Unlike its cousin the Backseat Driver, the phrase Sunday Driver was coined, interestingly enough, on a Monday. Back in the days of the Pharoah, before there were drive thru restaurants, celebrity game shows, or ethnic politicians, many people would take Sunday off from working on the pyramids to go for a drive. They would cruise around the River Nile, check out what was happening in the desert springs, and have an all-around great time. Sometimes whole armies of people would be out, and wars would often break out over parking. Do you remember Genghis Khan? He was the most famous of all Sunday Drivers. He was just trying to parallel park when he happened upon 200,000 Persians, who were also out for a Sunday drive. On Monday morning, it was all over. Since that fateful day, the phrase has been used to describe someone who drives slowly, a fact which remains a mystery to this day.
The Bee’s Knees
Many people think that the phrase The Bee’s Knees refers to an insect. It does not. Nor does it have anything to do with knees. It is actually referring to the emotional needs of the second letter of our alphabet, that’s right, the letter B. When A was chosen to be at the front of the alphabet, letter B was very upset. The letters L, H, and R once saw it perched on the side of a cliff, threatening to jump. Only when they got the letters N, O, T, and D to stand in correct order spelling the word DON’T did the letter B realize it had a purpose. After all, there were 24 letters less important than her. That’s right, the letter B is a girl. So is M, H, and F. Not many people know that.

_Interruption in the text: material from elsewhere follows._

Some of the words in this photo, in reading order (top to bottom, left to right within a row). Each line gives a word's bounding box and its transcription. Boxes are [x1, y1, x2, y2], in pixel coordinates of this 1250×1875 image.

After word got around to the other letters in the alphabet about how blue B had been feeling, they started paying more attention to its needs. For some reason the phrase “It’s the Bee’s Knees” now means something good. But it actually started thousands of years ago, when one depressed letter decided to end it all. And we should all thank the letters D, O, N, and T, for saving her. Otherwise we wouldn’t have words like Beer, Babes, and Boobies.
Quiet as a Mouse
For some reason, a mouse was chosen for this phrase. After several years of research at learning institutions the world over, the author does not know why another creature was chosen. After all, spiders are quiet, aren’t they? Ants are also quiet. Most insects are quiet, fish are quiet, some cats are quiet, but not mine. There are quiet hamsters, ferrets, rats, and rabbits. And even some rabbis. But only when they are alone.
Most dogs are not very quiet, hence their use in the phrase “Barking up the Wrong Tree.” However, in the phrase “Let sleeping dogs Lie” the dog is assumed to be quiet. Unless he sleeps like my wife, in which case he would be sleeping in the next room. But only because I need my sleep.

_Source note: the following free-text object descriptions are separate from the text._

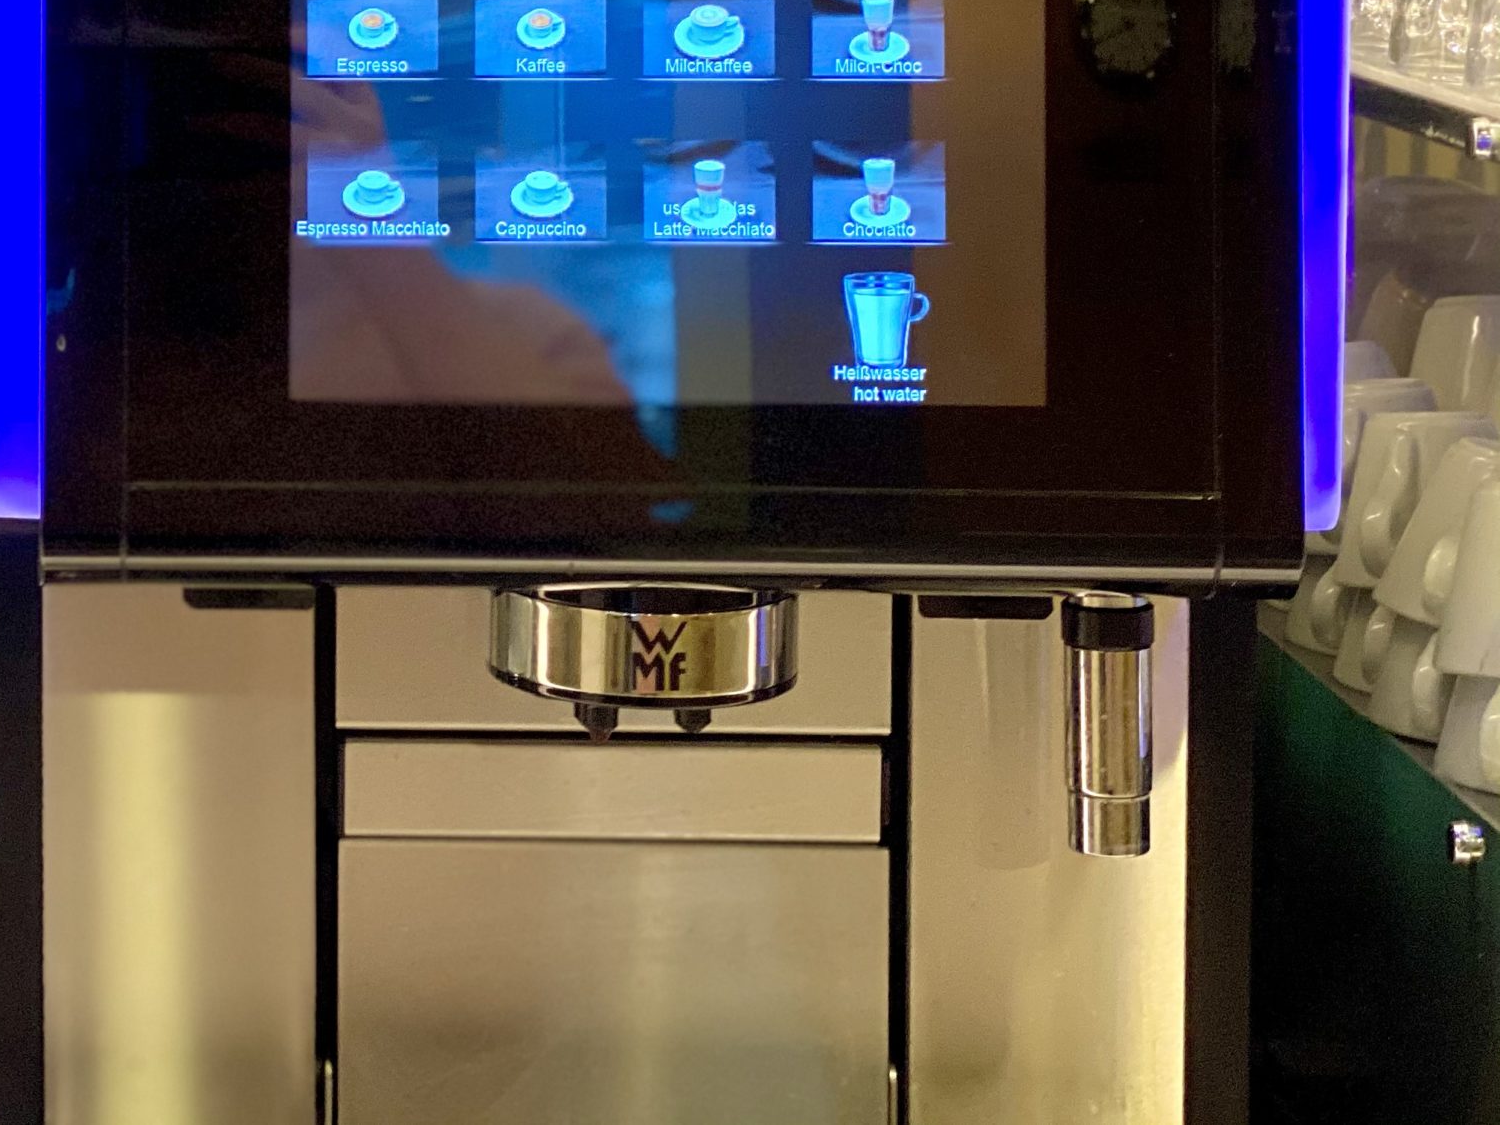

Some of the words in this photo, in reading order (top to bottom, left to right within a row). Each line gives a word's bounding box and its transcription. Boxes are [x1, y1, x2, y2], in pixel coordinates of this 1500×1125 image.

[336, 58, 408, 75] Espresso
[516, 58, 565, 73] Kaffee
[665, 58, 753, 73] Milchkaffee
[296, 221, 367, 238] Espresso
[371, 220, 451, 236] Macchiato
[495, 221, 586, 238] Cappuccino
[654, 221, 692, 236] Latte
[833, 365, 927, 381] Heißwasser
[853, 386, 880, 402] hot
[882, 386, 928, 402] water

The only thing quieter than a mouse seems to be a church mouse. So if you wanted to really get your point across, you would say something like, “My alcoholic uncle is as quiet as a church mouse when he is passed out.” If you compared him to a hamster it wouldn’t have the same meaning.
It is believed that this phrase was first used in 175 A.D., in the city of Crete. One of the locals had one two many goblets of wine and woke up in a pile of naked people. A mouse was walking next to the group of heathens, and a child looked at them in disgust and said to his mother, that group of perverts are as quiet as that mouse.